[Your goal]:
Please restate the records below word for word, leaving out every picture.

[Material shown]:
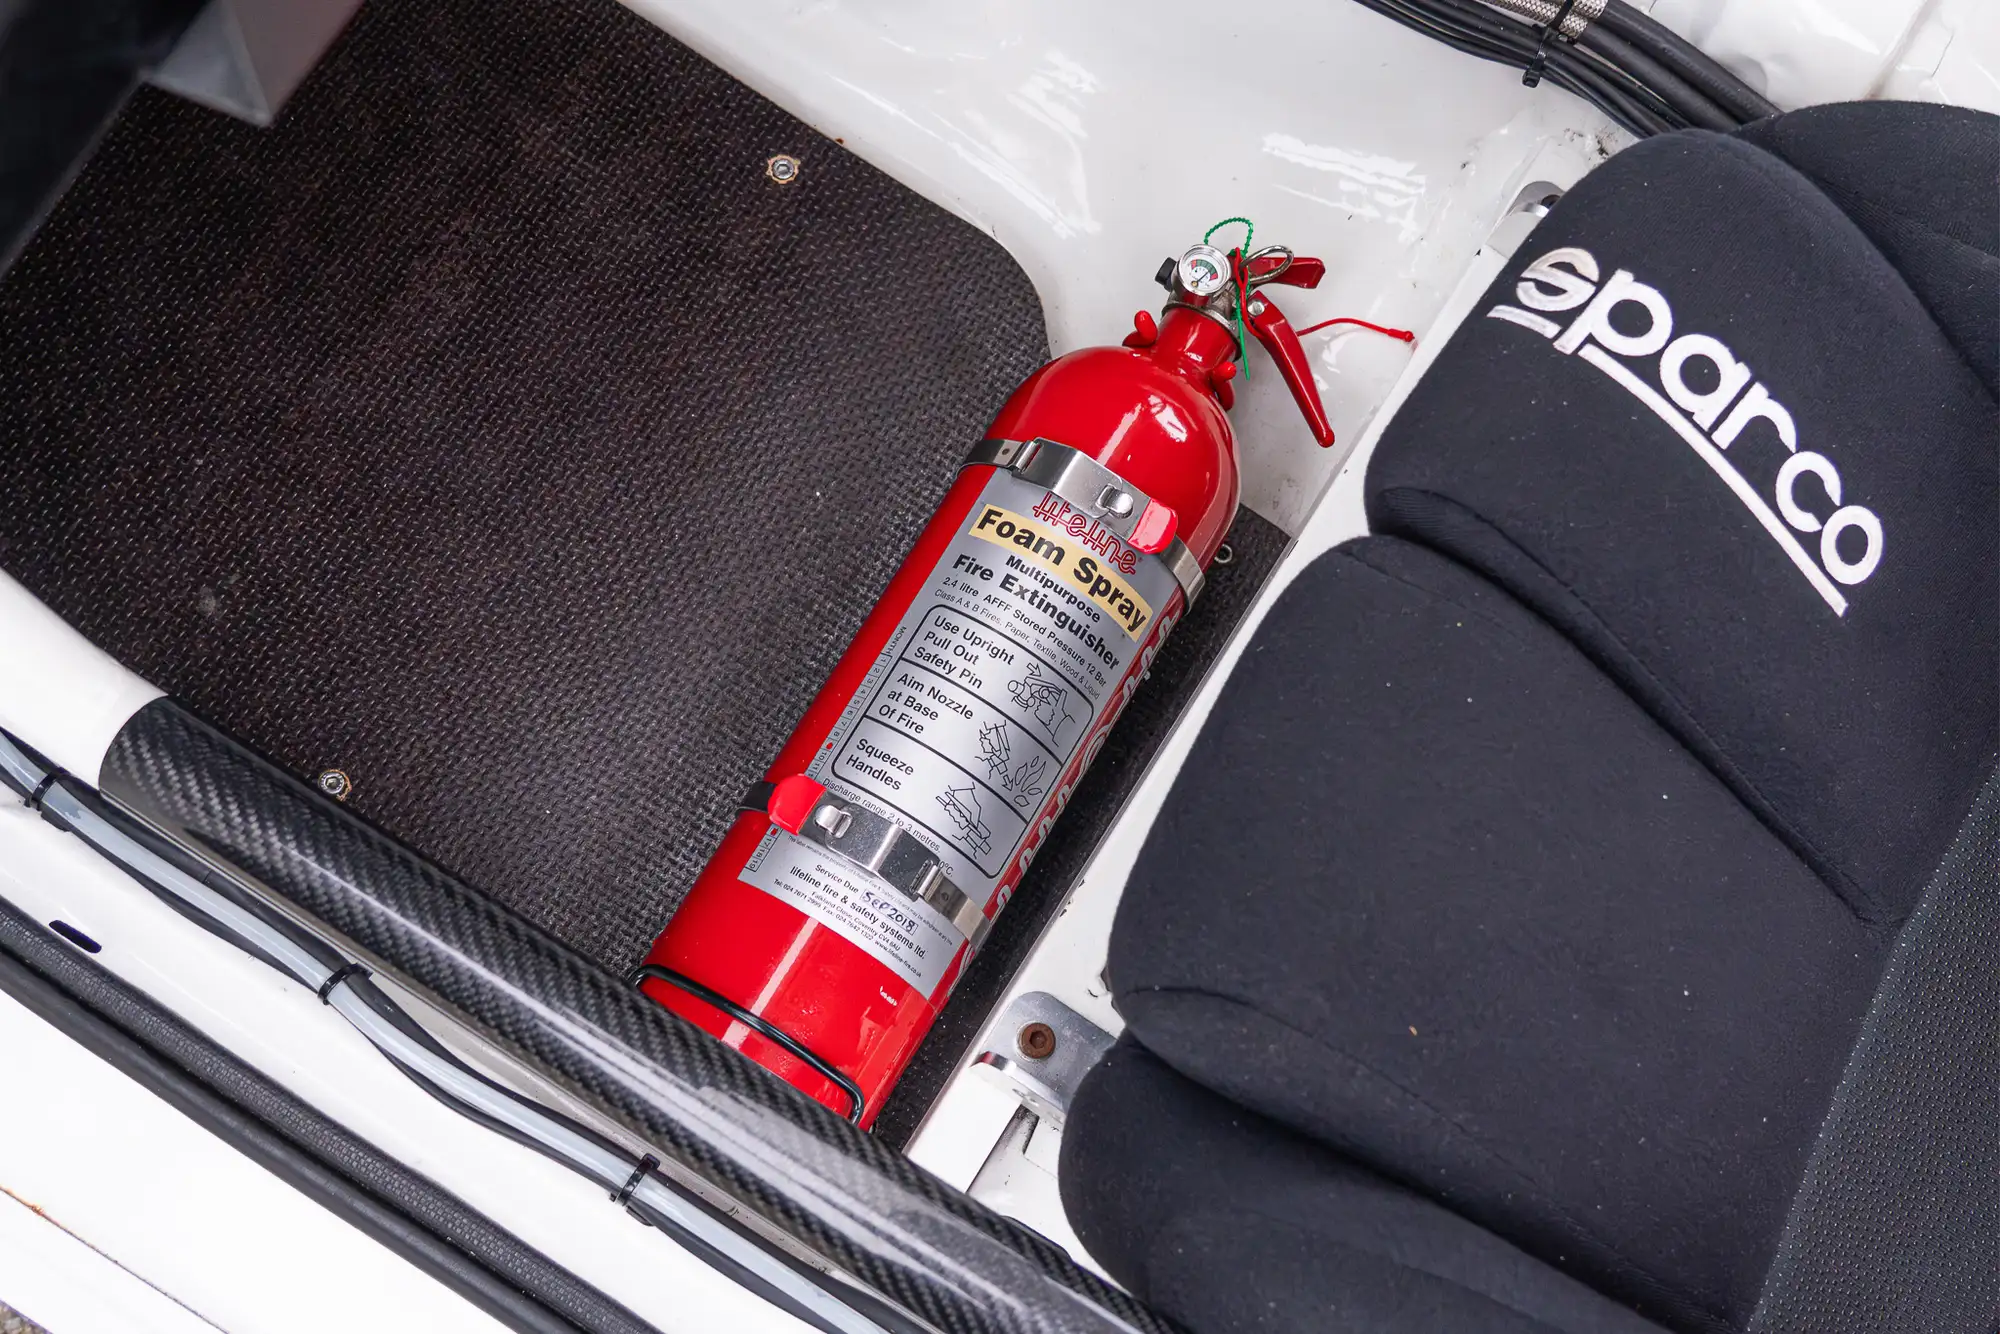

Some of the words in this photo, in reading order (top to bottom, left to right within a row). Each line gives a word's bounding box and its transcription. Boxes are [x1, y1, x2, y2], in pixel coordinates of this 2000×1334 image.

[1516, 248, 1884, 586] sparco
[976, 508, 1065, 566] Foam
[1073, 556, 1146, 632] Spray
[1005, 554, 1100, 623] Multipurpose
[952, 553, 994, 581] Fire
[998, 572, 1119, 669] Extinguisher
[885, 625, 907, 654] MONTH
[923, 630, 952, 650] Pull
[952, 644, 979, 665] Out
[934, 588, 956, 602] Class
[955, 597, 963, 605] A
[963, 600, 970, 608] &
[971, 603, 980, 612] B
[1059, 657, 1080, 678] Wood
[1078, 675, 1085, 684] &
[934, 614, 959, 634] Use
[962, 628, 1014, 665] Upright
[942, 576, 958, 588] 2.4
[959, 582, 979, 597] litre
[982, 594, 1012, 611] AFFF
[1012, 609, 1047, 635] Stored
[1046, 630, 1085, 666] Pressure
[1085, 662, 1096, 675] 12
[1094, 670, 1106, 687] Bar
[914, 646, 957, 675] Safety
[958, 667, 982, 689] Pin
[887, 690, 902, 702] at
[903, 694, 938, 720] Base
[896, 673, 924, 693] Aim
[926, 685, 973, 719] Nozzle
[878, 704, 897, 719] Of
[896, 712, 924, 734] Fire
[812, 762, 820, 770] 11
[818, 751, 827, 760] 10
[845, 754, 901, 790] Handles
[856, 738, 914, 775] Squeeze
[822, 777, 861, 802] Discharge
[861, 799, 886, 816] range
[886, 812, 895, 821] 2
[894, 817, 904, 827] to
[905, 823, 913, 832] 3
[912, 829, 942, 855] metres.
[755, 848, 765, 858] 18
[764, 838, 772, 847] 17
[748, 859, 758, 870] 19
[814, 864, 842, 883] Service
[843, 880, 859, 893] Due
[782, 883, 794, 892] 024
[835, 913, 846, 923] 024
[789, 865, 821, 888] lifeline
[822, 883, 839, 898] fire
[840, 894, 848, 904] &
[849, 902, 879, 924] safety
[879, 921, 914, 949] systems
[913, 944, 926, 959] ltd.
[886, 907, 916, 934] 2018

[Response to this task]:
Some of the words in this photo, in reading order (top to bottom, left to right within a row). Each line gives a word's bounding box and its transcription. Boxes are [x1, y1, x2, y2], in pixel coordinates of this 2000×1334 image.

[1516, 248, 1884, 586] sparco
[976, 508, 1065, 566] Foam
[1073, 556, 1146, 632] Spray
[1005, 554, 1100, 623] Multipurpose
[952, 553, 994, 581] Fire
[998, 572, 1119, 669] Extinguisher
[885, 625, 907, 654] MONTH
[923, 630, 952, 650] Pull
[952, 644, 979, 665] Out
[934, 588, 956, 602] Class
[955, 597, 963, 605] A
[963, 600, 970, 608] &
[971, 603, 980, 612] B
[1059, 657, 1080, 678] Wood
[1078, 675, 1085, 684] &
[934, 614, 959, 634] Use
[962, 628, 1014, 665] Upright
[942, 576, 958, 588] 2.4
[959, 582, 979, 597] litre
[982, 594, 1012, 611] AFFF
[1012, 609, 1047, 635] Stored
[1046, 630, 1085, 666] Pressure
[1085, 662, 1096, 675] 12
[1094, 670, 1106, 687] Bar
[914, 646, 957, 675] Safety
[958, 667, 982, 689] Pin
[887, 690, 902, 702] at
[903, 694, 938, 720] Base
[896, 673, 924, 693] Aim
[926, 685, 973, 719] Nozzle
[878, 704, 897, 719] Of
[896, 712, 924, 734] Fire
[812, 762, 820, 770] 11
[818, 751, 827, 760] 10
[845, 754, 901, 790] Handles
[856, 738, 914, 775] Squeeze
[822, 777, 861, 802] Discharge
[861, 799, 886, 816] range
[886, 812, 895, 821] 2
[894, 817, 904, 827] to
[905, 823, 913, 832] 3
[912, 829, 942, 855] metres.
[755, 848, 765, 858] 18
[764, 838, 772, 847] 17
[748, 859, 758, 870] 19
[814, 864, 842, 883] Service
[843, 880, 859, 893] Due
[782, 883, 794, 892] 024
[835, 913, 846, 923] 024
[789, 865, 821, 888] lifeline
[822, 883, 839, 898] fire
[840, 894, 848, 904] &
[849, 902, 879, 924] safety
[879, 921, 914, 949] systems
[913, 944, 926, 959] ltd.
[886, 907, 916, 934] 2018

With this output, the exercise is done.